» **Work item**
Give back the full listing verbatim, apart from its images.

(Supplied entries begins)

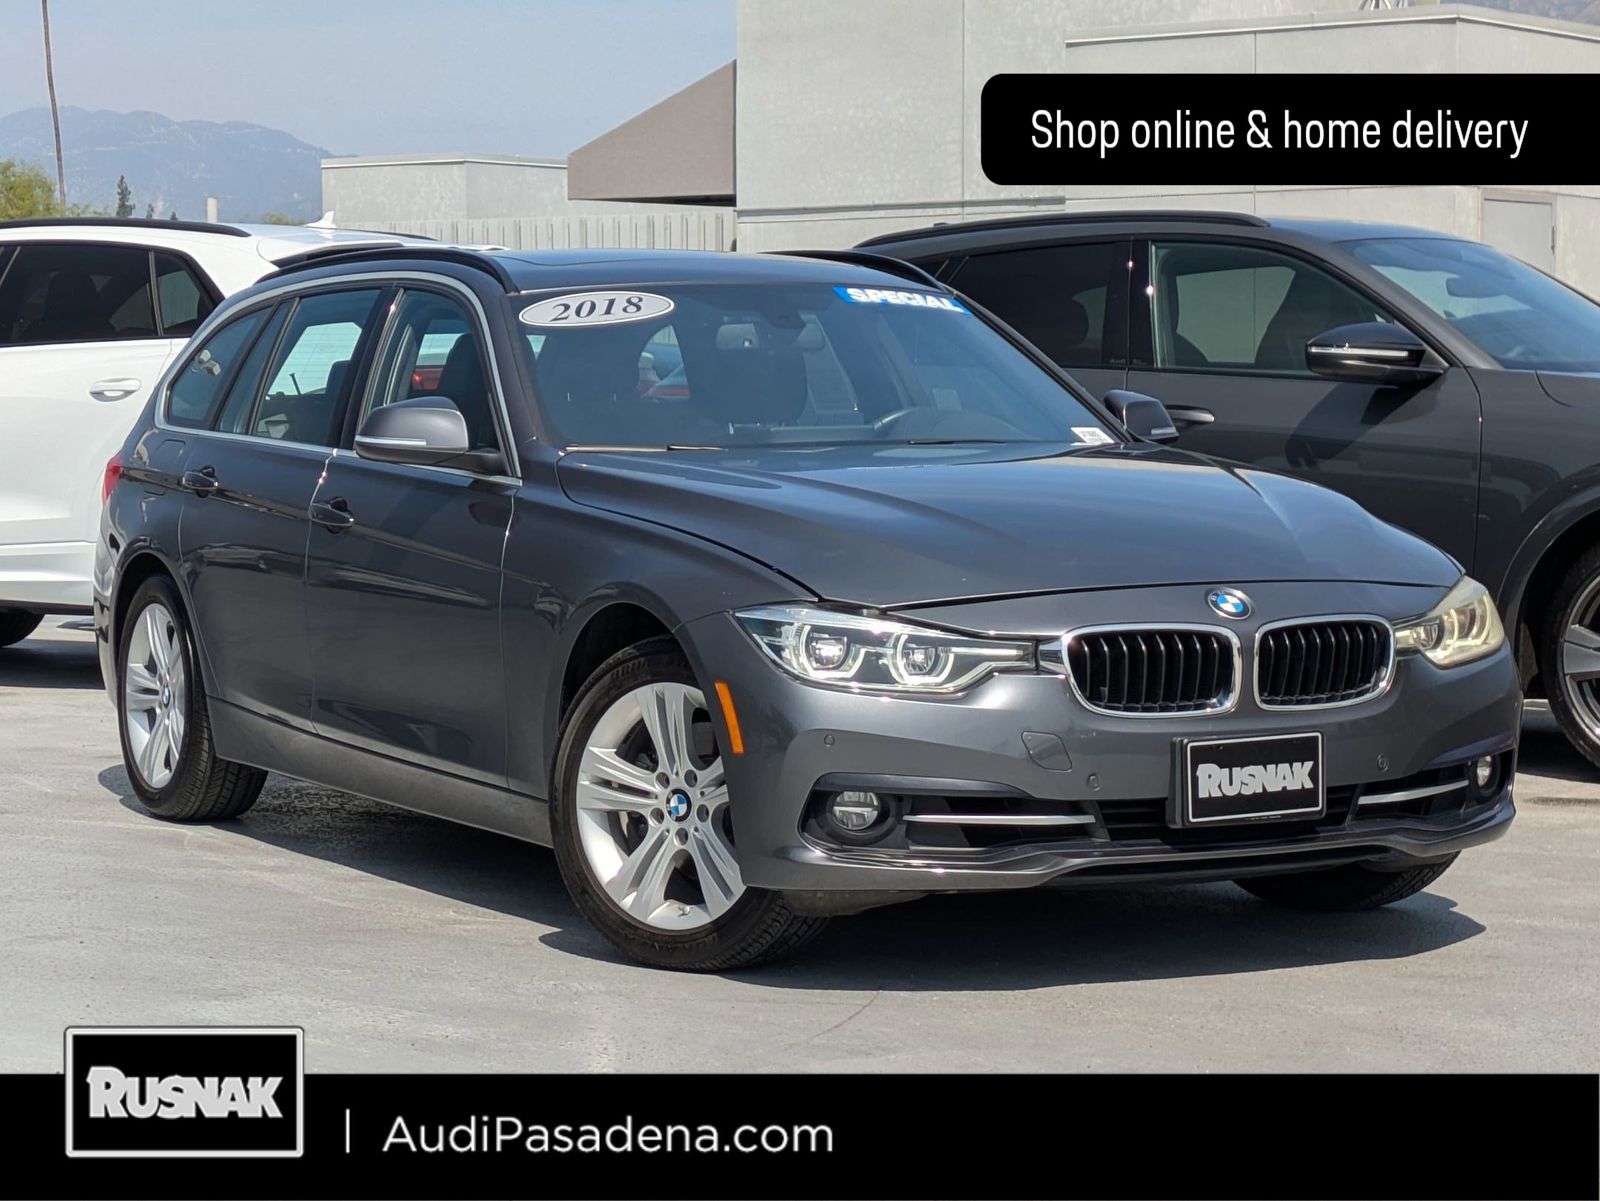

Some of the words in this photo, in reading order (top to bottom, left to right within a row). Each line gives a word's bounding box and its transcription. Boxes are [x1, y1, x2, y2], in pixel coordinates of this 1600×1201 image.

[550, 295, 644, 322] 2018
[846, 287, 966, 313] SPECIAL
[1196, 760, 1314, 799] RUSNAK
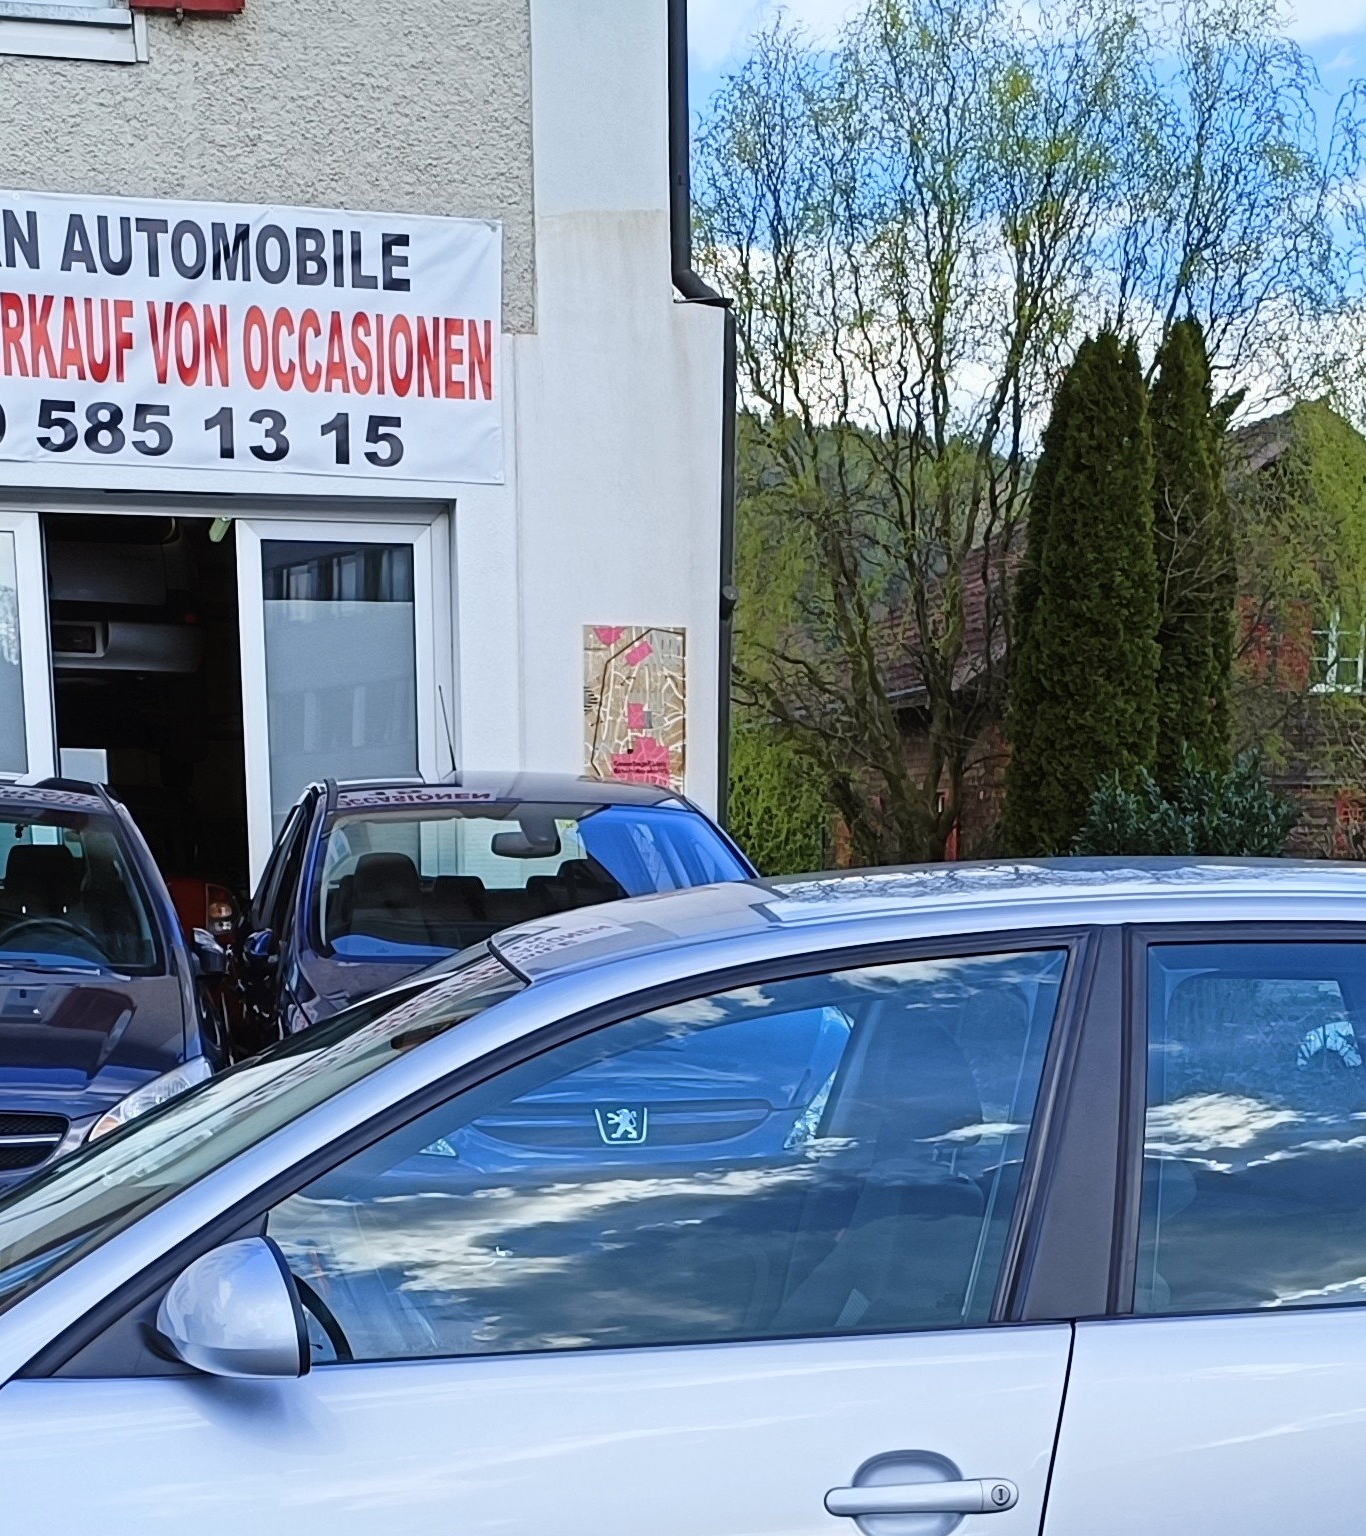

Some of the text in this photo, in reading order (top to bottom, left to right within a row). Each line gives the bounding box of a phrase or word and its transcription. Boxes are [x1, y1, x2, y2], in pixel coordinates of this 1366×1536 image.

[59, 213, 411, 293] AUTOMOBILE
[146, 300, 230, 388] VON
[243, 305, 492, 401] OCCASIONEN
[36, 398, 174, 457] 585
[204, 406, 290, 462] 13
[320, 412, 404, 468] 15

(Supplied entries ends)

» **Answer for this exercise**
Some of the words in this photo, in reading order (top to bottom, left to right within a row). Each line gives a word's bounding box and its transcription. Boxes are [x1, y1, x2, y2], in pixel coordinates of this 1600×1201 image.

[550, 295, 644, 322] 2018
[846, 287, 966, 313] SPECIAL
[1196, 760, 1314, 799] RUSNAK

Some of the text in this photo, in reading order (top to bottom, left to right within a row). Each line gives the bounding box of a phrase or word and its transcription. Boxes are [x1, y1, x2, y2], in pixel coordinates of this 1366×1536 image.

[59, 213, 411, 293] AUTOMOBILE
[146, 300, 230, 388] VON
[243, 305, 492, 401] OCCASIONEN
[36, 398, 174, 457] 585
[204, 406, 290, 462] 13
[320, 412, 404, 468] 15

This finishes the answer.